A few years ago, my husband and I weren't sleeping very well; we'd go to bed tired and wake up tired, and the whole cycle would get worse and worse until we would "crash" and have what Jim Davis (the cartoonist) called a "nap attack."  After doing some thinking, we figured out that the reason we weren't sleeping well was because the cats would come into the room at 3 in the morning (or some other such unholy hour) and demand attention. Our Internet search showed us that closing the bedroom door would help us get the sleep we needed, once the animals figured out that we weren't coming to open the door. 

It worked, but quite frequently we awoke with headaches from sleeping in a room with less and less oxygen in it throughout the night; putting a fan only circulated the "bad air."

So we opened our bedroom window. It was literally a breath of fresh air. And ... problem solved.

There've been quite a few doors and windows in my life lately. One of them has been the closure of the first ever Codependents Anonymous group in our province, for which I was the contact person for a year and a half. Through that group, God opened a window for fellowship with a dear friend with whom I had virtually lost touch. Once we re-established contact, He just let the group - such as it was (with an attendance of no more than six people and usually only two) - die a natural death. I believe it served its purpose, and its passing doesn't prevent another group from starting up, as soon as there are enough people to make a serious go of it. 

It was actually a relief to let that go, because I'd been feeling so responsible for keeping it going, frustrated that it wasn't going anywhere, and burnt out from all the energy I was pouring into it with no results. 

It dawned on me - finally, through the help of that same friend - that I was being codependent about Codependents Anonymous! Once I released my hold on the group and "stepped back," I could enjoy freedom from stress and an extra two nights a month of freedom in which to do whatever was needed: from napping, to putting in an extra hour at work, to visiting with friends. 
An open window can also let in some
fresh air - picture source

Another door/window combination has been the loss of ties with my birth family. I'll not bore you with the gory details, but let's just say that it became necessary for me to make a clean break. 

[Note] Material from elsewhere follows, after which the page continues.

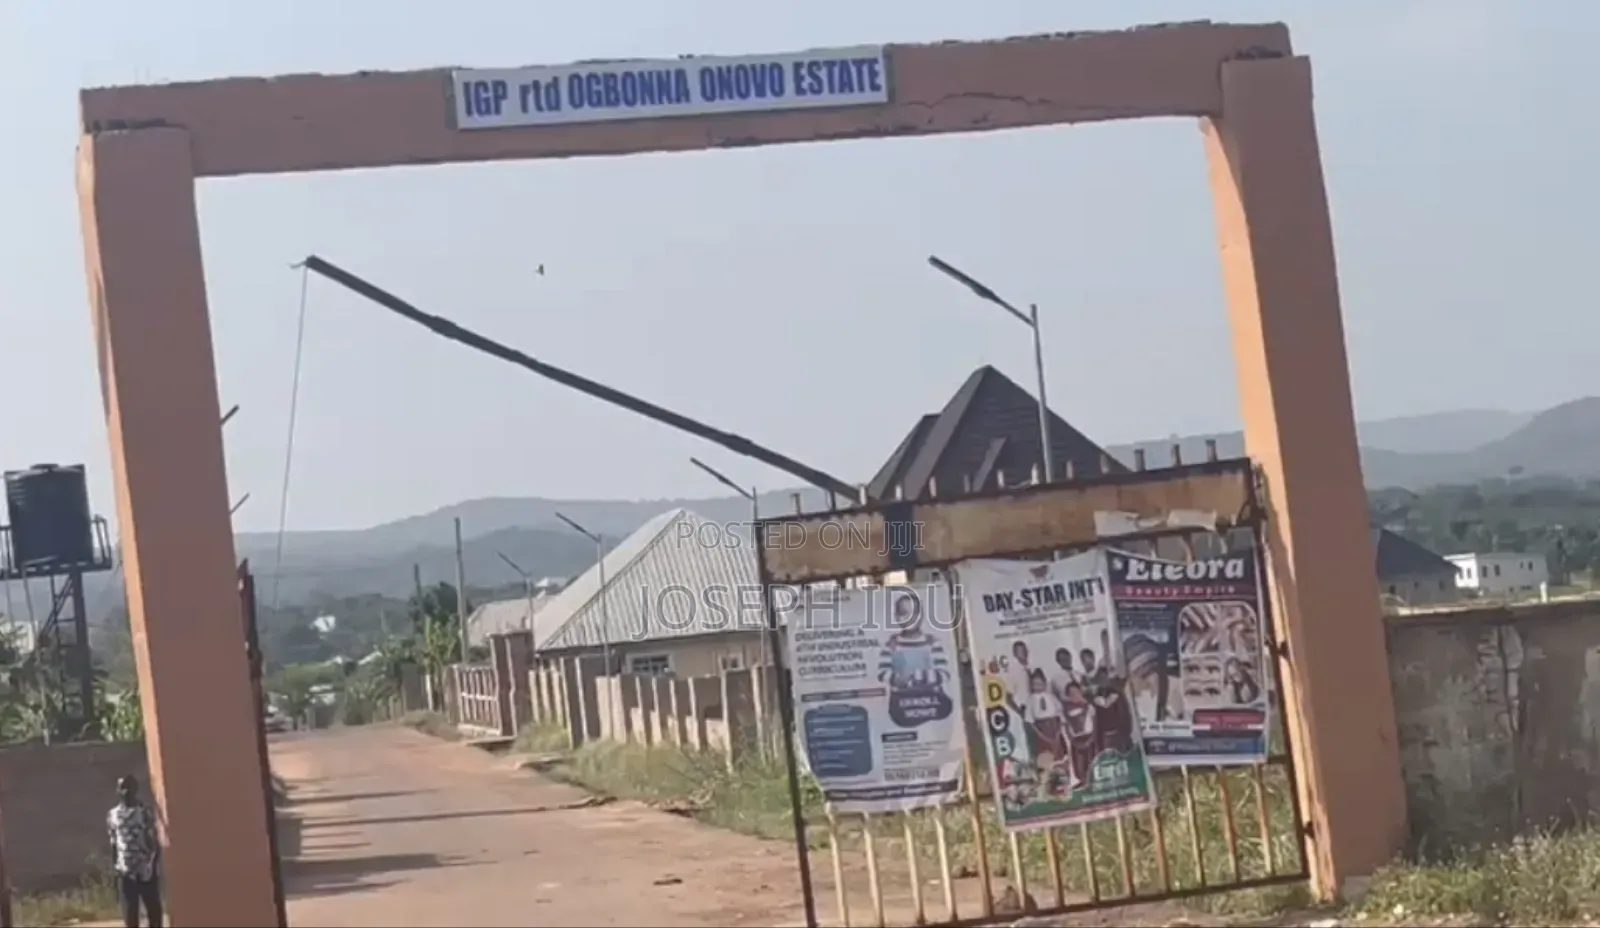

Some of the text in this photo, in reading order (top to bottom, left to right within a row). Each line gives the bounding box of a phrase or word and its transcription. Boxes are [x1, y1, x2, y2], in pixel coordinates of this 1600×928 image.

For a while, there was a gaping hole in me, with very raw edges - feelings of hurt and betrayal mostly - but as I shared my vulnerability with a couple of people I trusted, I found a whole network of these individuals who were supportive, understanding, and encouraging. Friends, I think they're called. Friends to me ... of all people. Who knew? They helped give me the strength to let go of the past and to move on with my life.

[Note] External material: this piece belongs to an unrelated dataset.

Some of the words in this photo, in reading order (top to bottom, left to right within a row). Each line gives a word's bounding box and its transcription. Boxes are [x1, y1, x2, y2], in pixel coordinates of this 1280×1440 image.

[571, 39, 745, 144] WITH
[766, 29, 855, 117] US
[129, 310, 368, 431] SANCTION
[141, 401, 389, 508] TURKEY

Sometimes, when God starts closing a door for my own good, I fight tooth and nail to keep it open ... such as in the case of our family finances. With my husband in retirement, our family income took a major hit in the fall of 2009, and our personal line of credit began to grow larger and larger. I tried to stay ahead of it, but it grew faster than I could pay, and it became a monster. There just wasn't enough month left over at the end of the money: major expenses like college for one child, and dental expenses for another (ones which weren't covered by insurance!) all conspired against me.  I keenly felt the weight of responsibility; for the first time in my life, I was the primary bread-winner! I was spending a tremendous amount per month - more than some people make in a month - on paying the debt from the line of credit, the credit cards, and the car loan. We were desperately casting around for ways to save on expenses and to make extra money, even to the point of my husband considering rejoining the work force; nothing I tried to do worked. Everything backfired or fizzled.

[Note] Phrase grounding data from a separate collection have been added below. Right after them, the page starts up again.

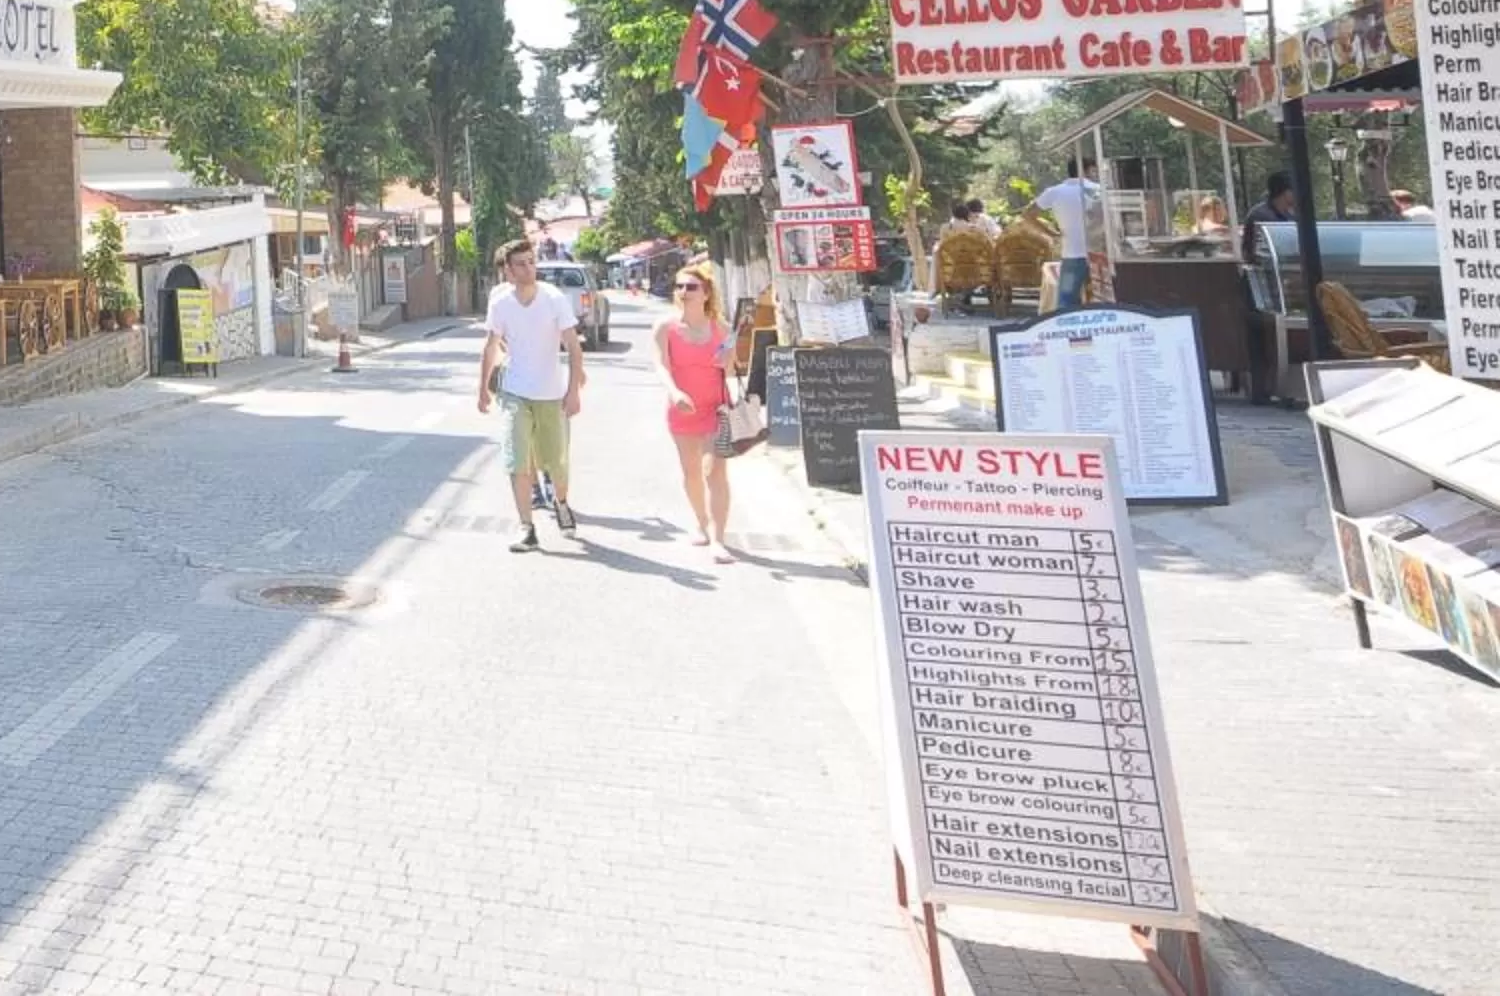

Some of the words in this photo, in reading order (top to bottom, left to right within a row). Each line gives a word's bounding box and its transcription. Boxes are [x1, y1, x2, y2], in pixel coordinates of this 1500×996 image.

[896, 36, 1065, 77] Restaurant
[1079, 32, 1151, 68] Cafe
[1160, 29, 1183, 65] &
[1188, 28, 1245, 64] Bar
[1434, 55, 1481, 74] Perm
[1436, 81, 1472, 103] Hair
[1445, 169, 1472, 195] Eye
[1449, 198, 1487, 220] Hair
[1452, 227, 1488, 249] Nail
[878, 446, 964, 473] NEW
[977, 449, 1104, 479] STYLE
[885, 476, 949, 492] Coiffeur
[964, 479, 1017, 495] Tattoo
[1033, 483, 1103, 500] Piercing
[907, 495, 1001, 512] Permenant
[1007, 499, 1055, 517] make
[1061, 505, 1084, 520] up
[894, 525, 980, 545] Haircut
[988, 533, 1039, 547] man
[897, 547, 981, 566] Haircut
[988, 555, 1074, 571] woman
[901, 570, 975, 589] Shave
[903, 593, 951, 611] Hair
[958, 598, 1023, 616] wash
[907, 616, 966, 636] Blow
[975, 621, 1016, 643] Dry
[910, 641, 1022, 664] Colouring
[1030, 650, 1090, 667] From
[912, 665, 1026, 687] Highlights
[1035, 674, 1093, 692] From
[916, 688, 965, 707] Hair
[973, 692, 1077, 719] braiding
[919, 712, 1033, 737] Manicure
[922, 737, 1033, 761] Pedicure
[925, 763, 968, 781] Eye
[976, 767, 1034, 785] brow
[1043, 775, 1109, 793] pluck
[928, 785, 963, 803] Eye
[969, 789, 1016, 806] brow
[1021, 797, 1114, 819] colouring
[932, 813, 979, 833] Hair
[987, 823, 1119, 848] extensions
[936, 837, 981, 858] Nail
[988, 847, 1123, 874] extensions
[939, 863, 983, 882] Deep
[988, 869, 1072, 895] cleansing
[1078, 878, 1126, 898] facial

My account manager at my bank saw this happening when she did my annual financial checkup (gotta love programs like that!) and she pointed to the line of credit as the chief culprit. It had become a crutch for our family, and she helped me see that this door needed to close; having it open - having that safety net there - only served to overwhelm me because it was too easy to fall back on it. She suggested a drastic move: closing the line of credit, and restructuring the debt into something that was manageable, shutting down the credit cards that were costing me more money and limiting our credit limit on the cards we agreed were just for emergencies. Over a series of about four meetings, we were able to do just that, and reduce my monthly debt payments by two thirds. The debt payment reduction was the hidden window in that slammed-shut door. That oppressive heavy feeling in the air was gone, and I found that I could breathe freely again.

Suddenly I realized that my efforts to "make extra money" had been just the frantic flailings of someone who was drowning - and panicking. She threw a life-raft out to me, pulled me to shore, and as sure as the door closed on our unmanageable situation, I felt the cool breeze of that opened window ... ever so faintly.

Even now I can feel the remnants of that last closing door. All my desperate efforts to make money, to start my own business, have resulted in nothing. I've come to realize that people in the local area don't need proofreading services in the traditional sense anymore. They can get a software program to do it for them, so why pay someone? As this realization dawned on me, it was hard to 'unhook' from my beautifully laid out "Plan A" and admit defeat - but it seemed the only viable course of action. As I'm letting go of that, as that door is closing, I see another window opening on the horizon. 

However, I think I'll keep that one a secret. For now.